The client system begins by sending a SYN message to the server. The server then acknowledges the SYN message by sending SYN-ACK message to the client. The client then finishes establishing the connection by responding with an ACK message. The connection between the client and the server is then open, and the service-specific data can be exchanged between the client and the server.

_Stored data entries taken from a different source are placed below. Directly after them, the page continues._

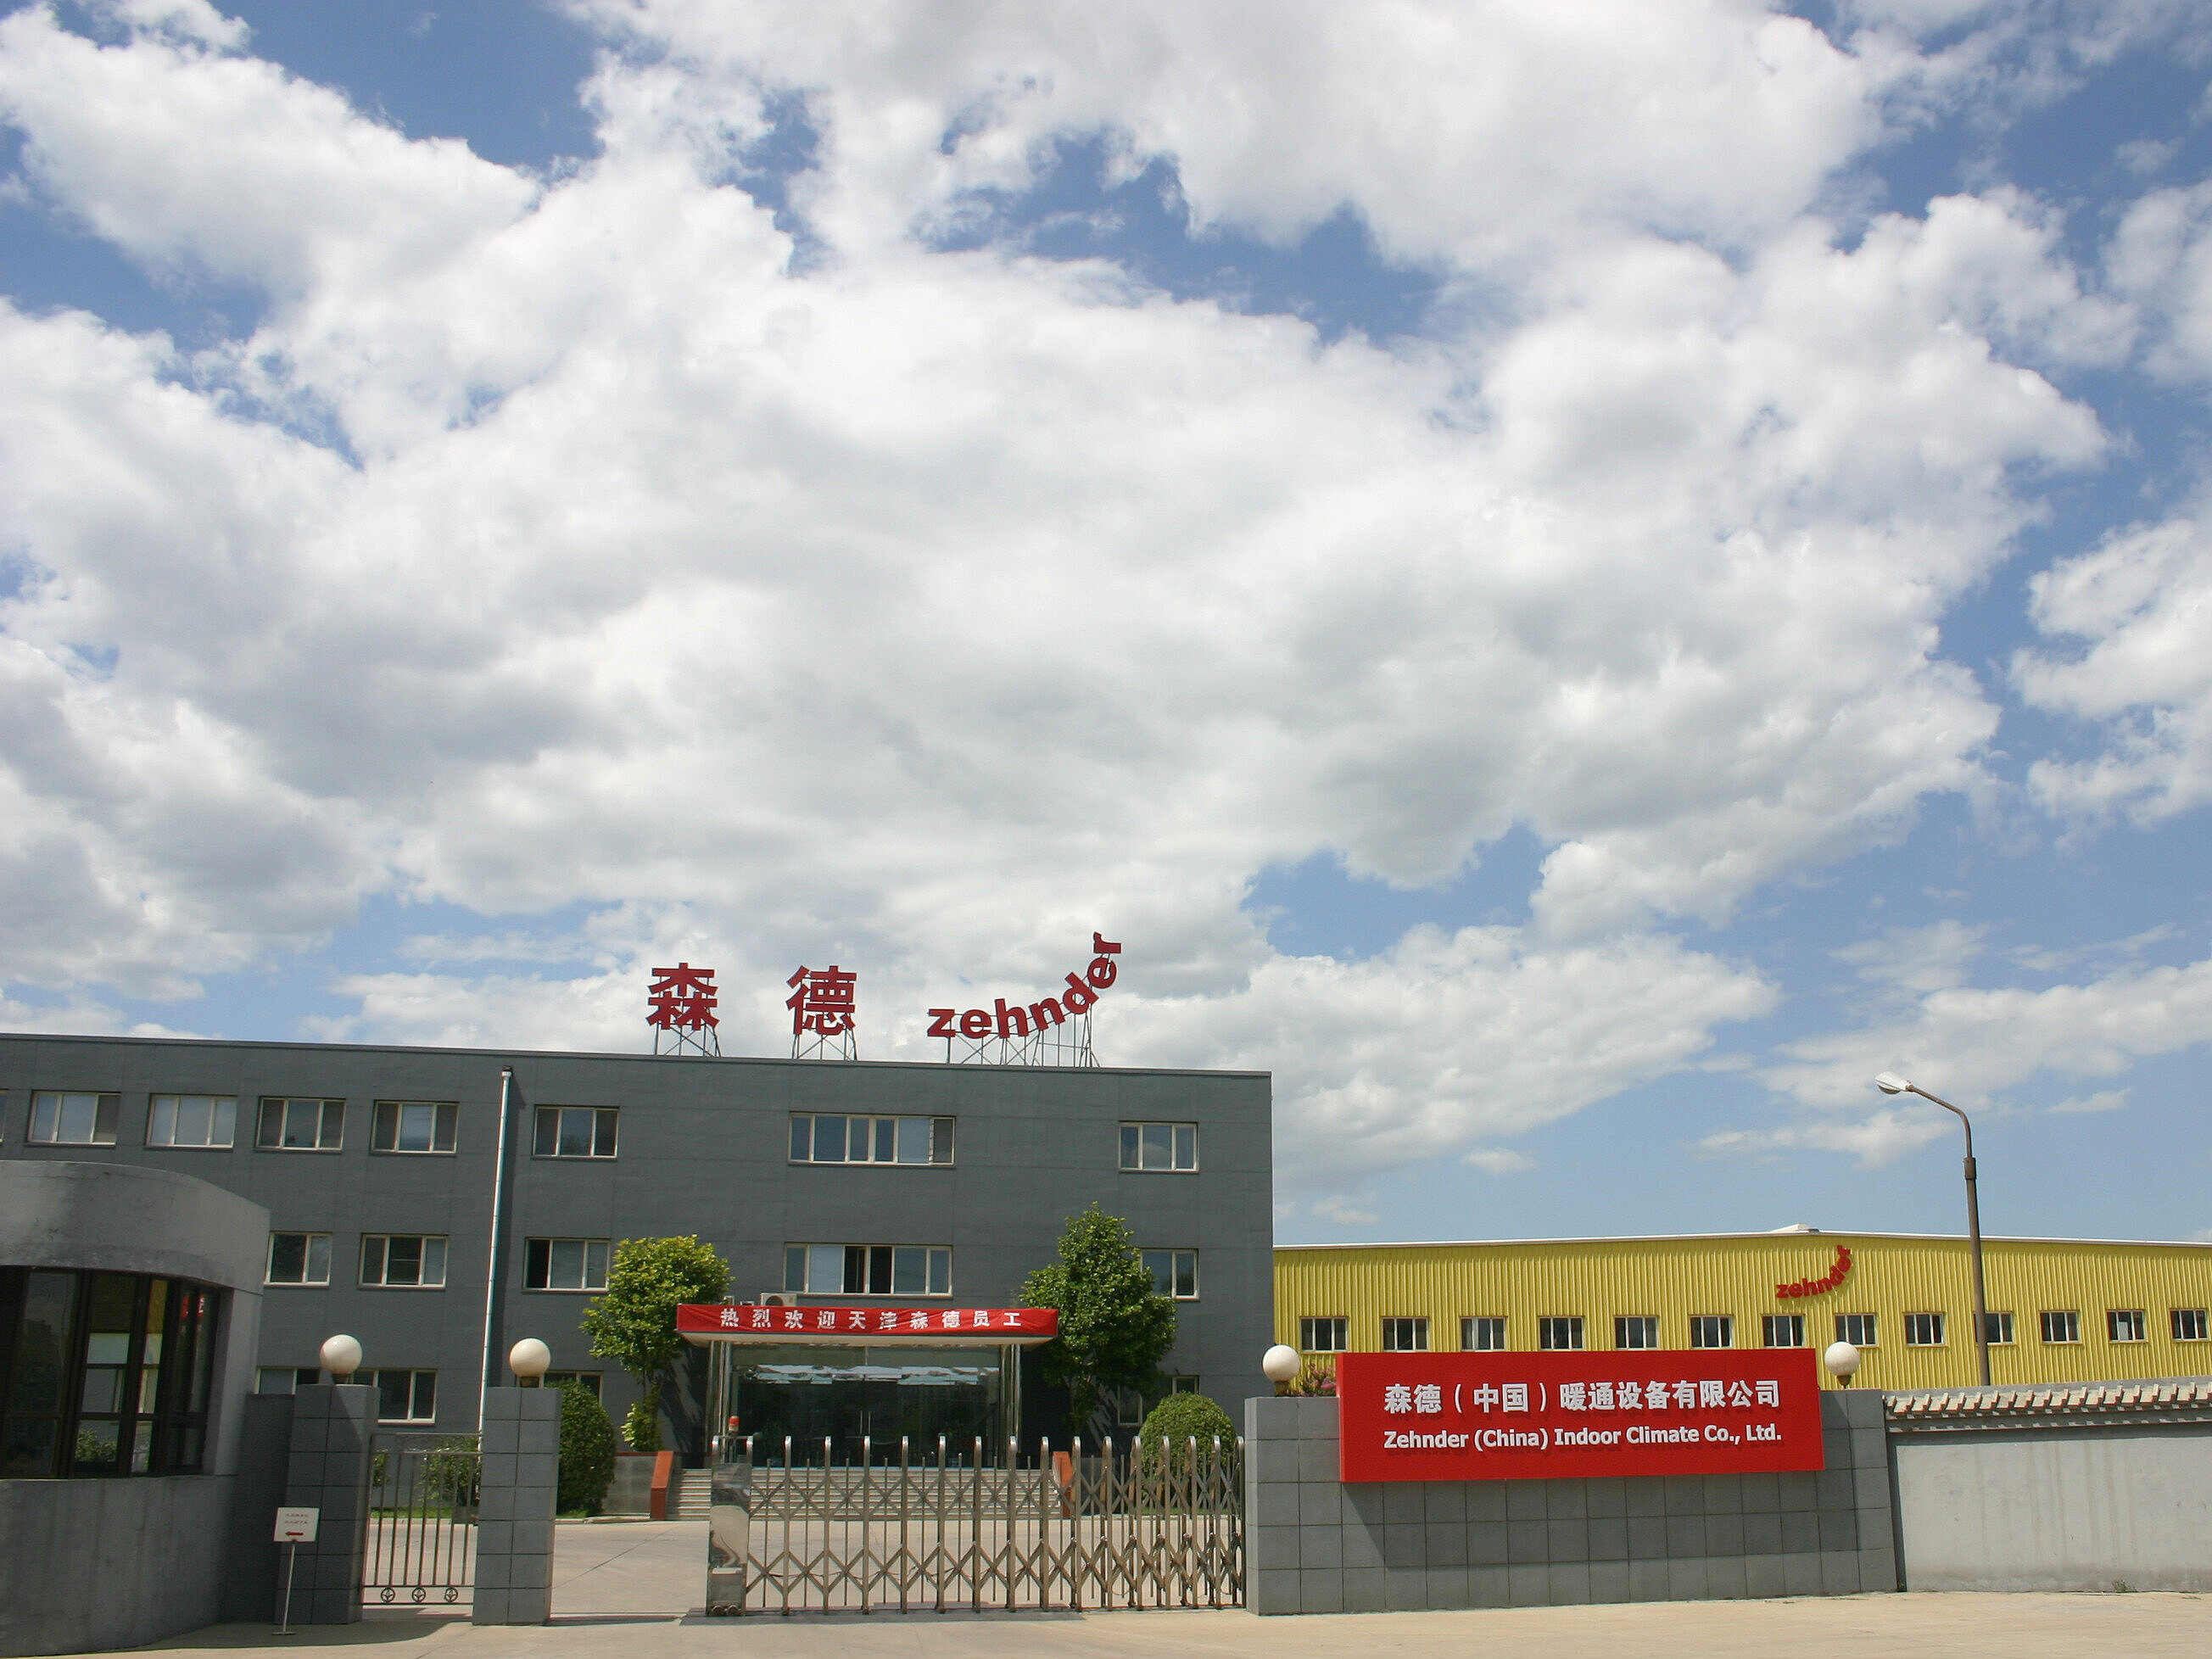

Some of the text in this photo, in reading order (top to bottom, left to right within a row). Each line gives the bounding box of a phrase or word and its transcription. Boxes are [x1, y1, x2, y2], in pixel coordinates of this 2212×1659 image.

[646, 963, 857, 1036] 森德
[928, 932, 1122, 1039] zehnder
[1776, 1245, 1851, 1299] zehnder
[720, 1308, 1023, 1332] 热烈欢迎天津森德员工
[1383, 1379, 1780, 1414] 森德（中国）暖通设备有限公司
[1382, 1422, 1783, 1451] Zehnder (China) Indoor Climate Co., Ltd.

Here is a view of this message flow:
Client                         Server
------                            ------
                               SYN-------------------->
                                      <--------------------SYN-ACK
                               ACK-------------------->
               Client and server can now send service-specific data
 
               TCP uses sequence numbers. When a virtual circuit establishes between two hosts, then TCP assigns each packet a number as an identifying index. Both hosts use this number for error checking and reporting. Rik Farrow, in his article "Sequence Number Attacks", explains the sequence number system as follows:
"The sequence number is used to acknowledge receipt of data. At the beginning of a TCP connection, the client sends a TCP packet with an initial sequence number, but no acknowledgment. If there is a server application running at the other end of the connection, the server sends back a TCP packet with its own initial sequence number, and an acknowledgment; the initial number from the client's packet plus one. When the client system receives this packet, it must send back its own acknowledgment; the server's initial sequence number plus one."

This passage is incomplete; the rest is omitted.